An efficient visitation algorithm to improve the detection speed of high-interaction client honeypots

  • Authors:

  • Hong-Geun Kim;Dong-Jin Kim;Seong-Je Cho;Moonju Park;Minkyu Park

  • Affiliations:

  • KISA, Seoul, Korea;Dankook University, Gyeonggi, Korea;Dankook University, Gyeonggi, Korea;University of Incheon, Incheon, Korea;Konkuk University, Chungbuk, Korea

  • Venue:
  • Proceedings of the 2011 ACM Symposium on Research in Applied Computation
  • Year:
  • 2011

Quantified Score

Hi-index 0.00

Visualization

Abstract

Drive-by-download attacks are client-side attacks that originate from web servers that are visited by web browsers.
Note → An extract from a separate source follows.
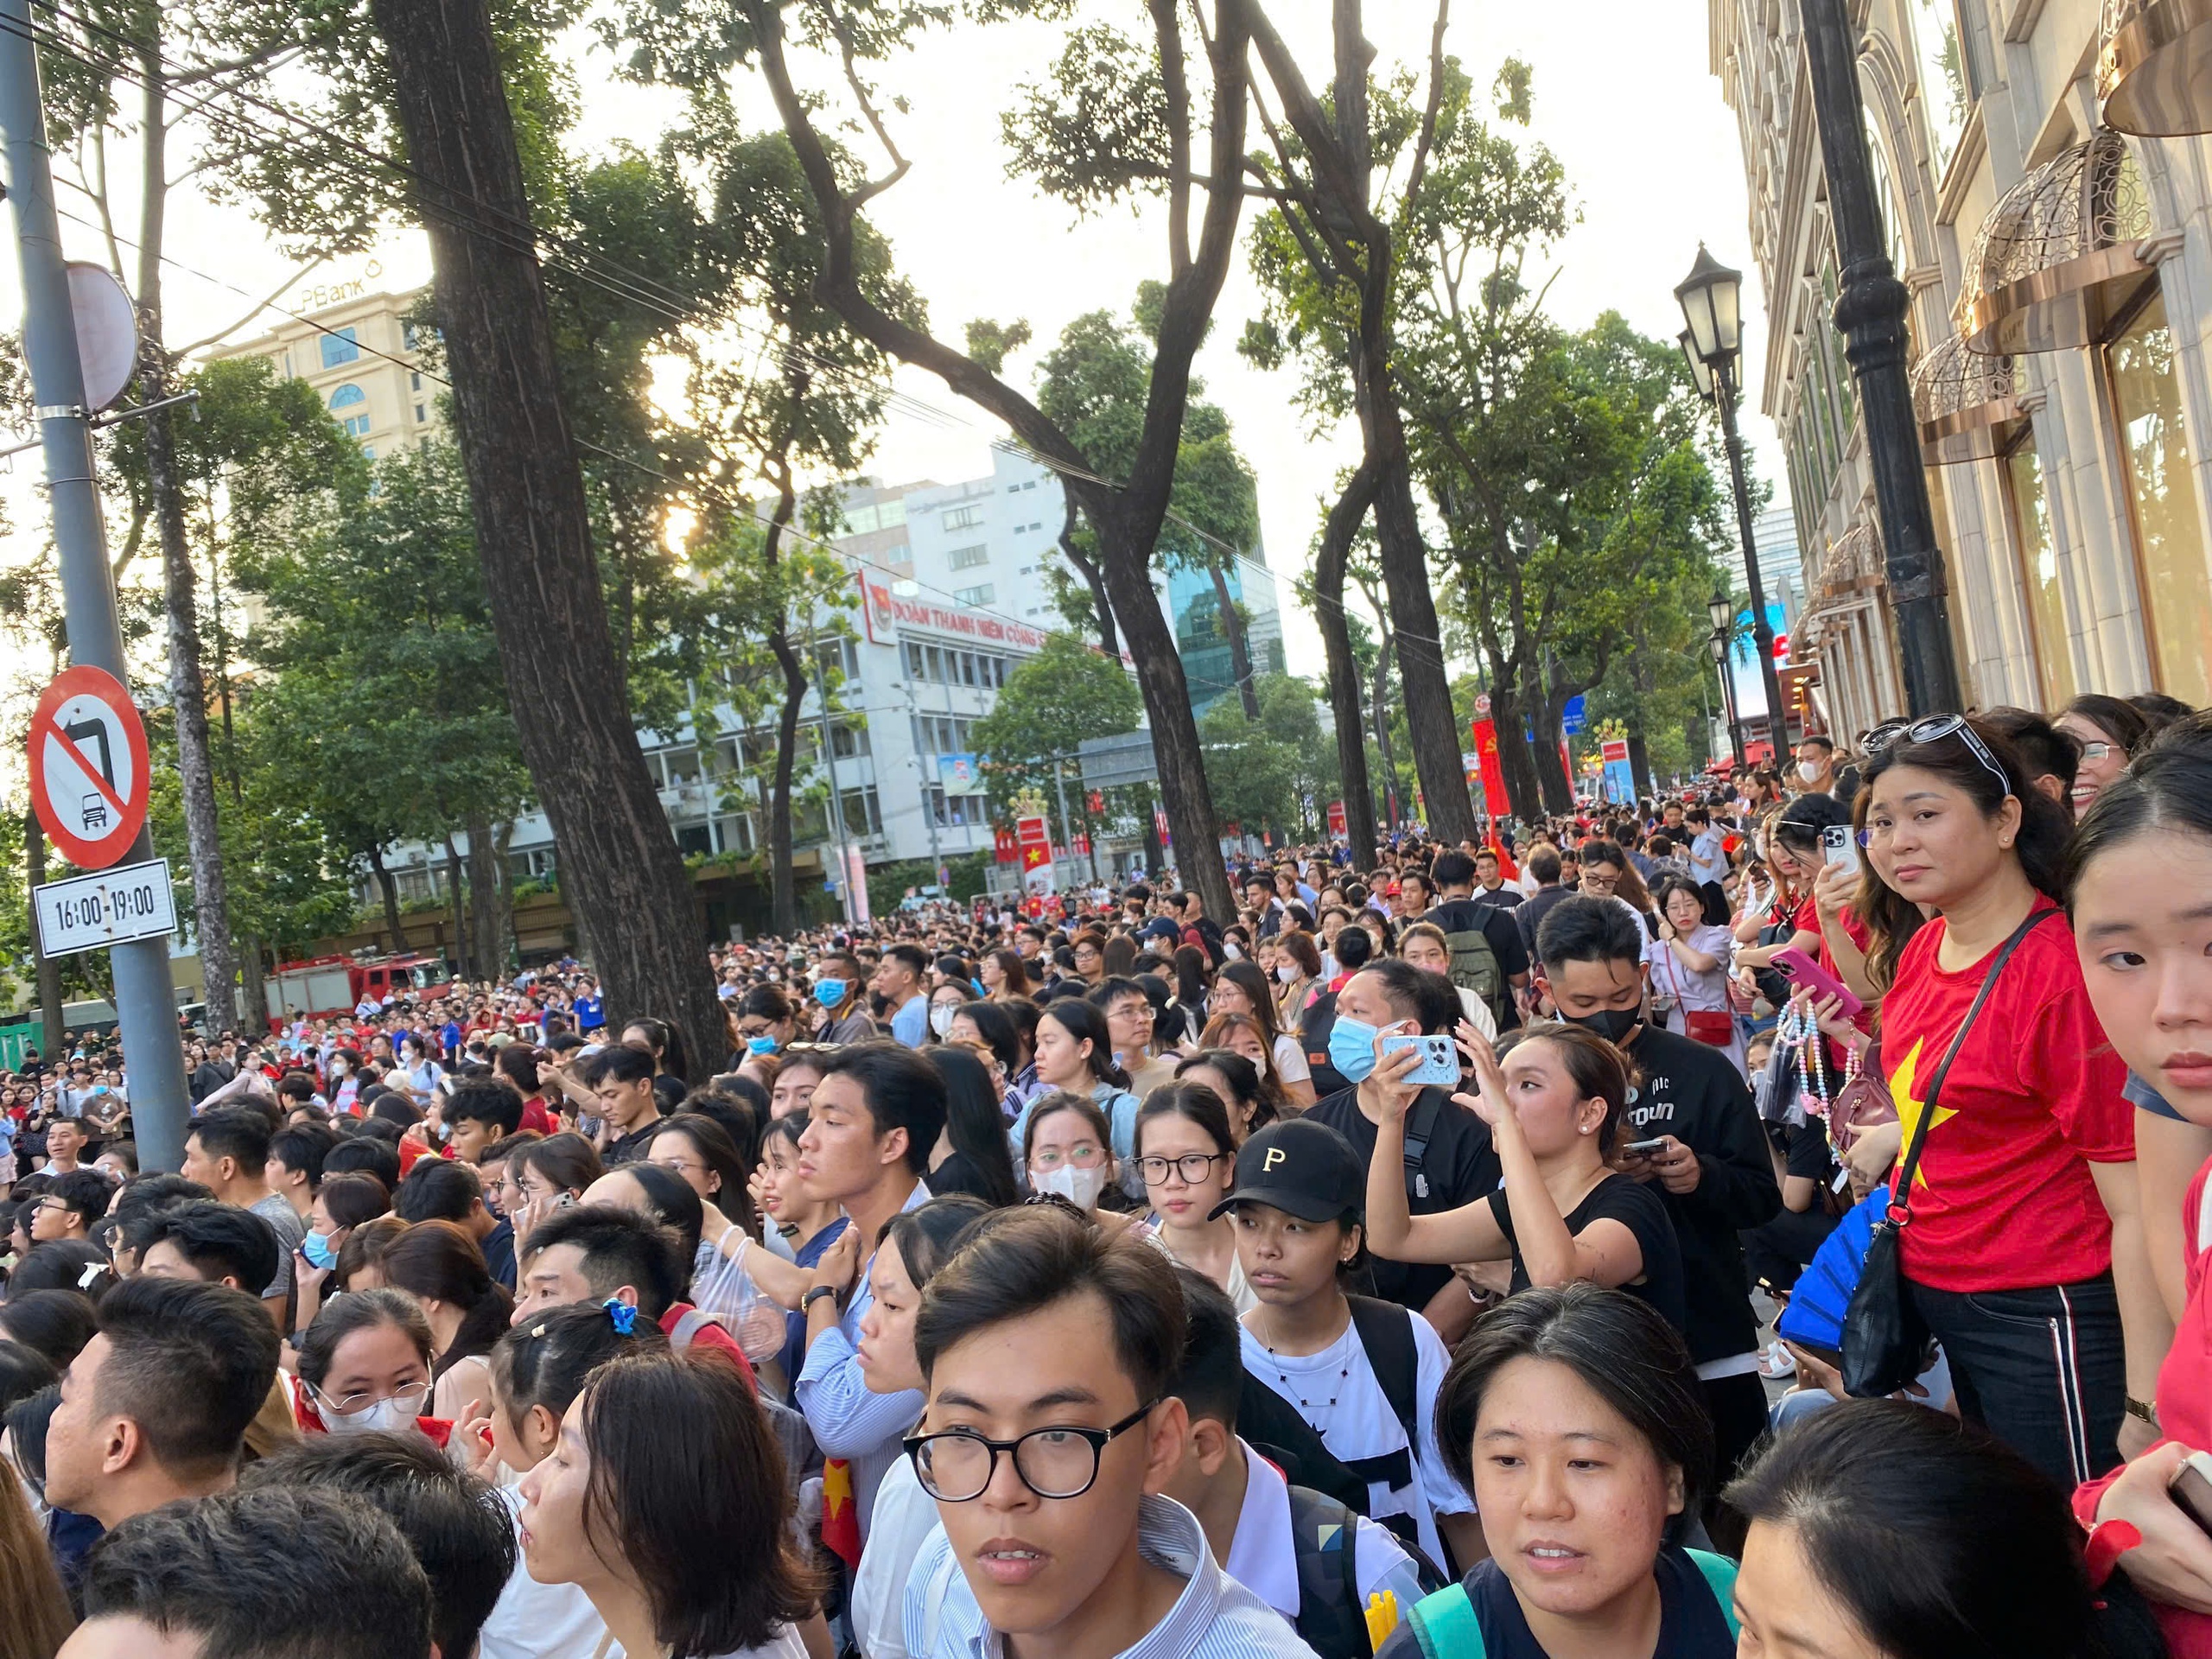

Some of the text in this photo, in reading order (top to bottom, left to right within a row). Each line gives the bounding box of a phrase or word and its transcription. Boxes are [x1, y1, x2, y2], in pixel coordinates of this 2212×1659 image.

[931, 609, 976, 634] THANH
[55, 885, 154, 931] 16:00-19:00
[1262, 1147, 1287, 1173] P
While many web browsers are vulnerable to the drive-by-download attacks, the cost of detecting malicious web pages that launch drive-by-download attacks is expensive. High-interaction client honeypots are security devices capable of detecting malicious web pages; however, their slow and expensive operations in web page visiting have been considered as a problem. The high-interaction client honeypots employ a visitation algorithm to pinpoint which page has made an unauthorized change of system state when any unauthorized change of the system state occurred after visiting suspicious web pages. To improve the performance of the high-interaction client honeypots, we propose a new visitation algorithm, logarithmic divide-and-conquer (LDAC), for identifying malicious web pages. The LDAC algorithm is an enhanced version of the existing binary divide-and-conquer (BDAC) algorithm. If any system state is abnormally changed after having visited k suspicious web pages concurrently, our LDAC algorithm divides the buffer of k pages into [log2k] pieces and recursively visits the pieces until the malicious page or pages are identified, while the BDAC splits the buffer into k/2 portions. Experimental results show that the LDAC has improved performance of the system up to 15 percent compared to the BDAC algorithm.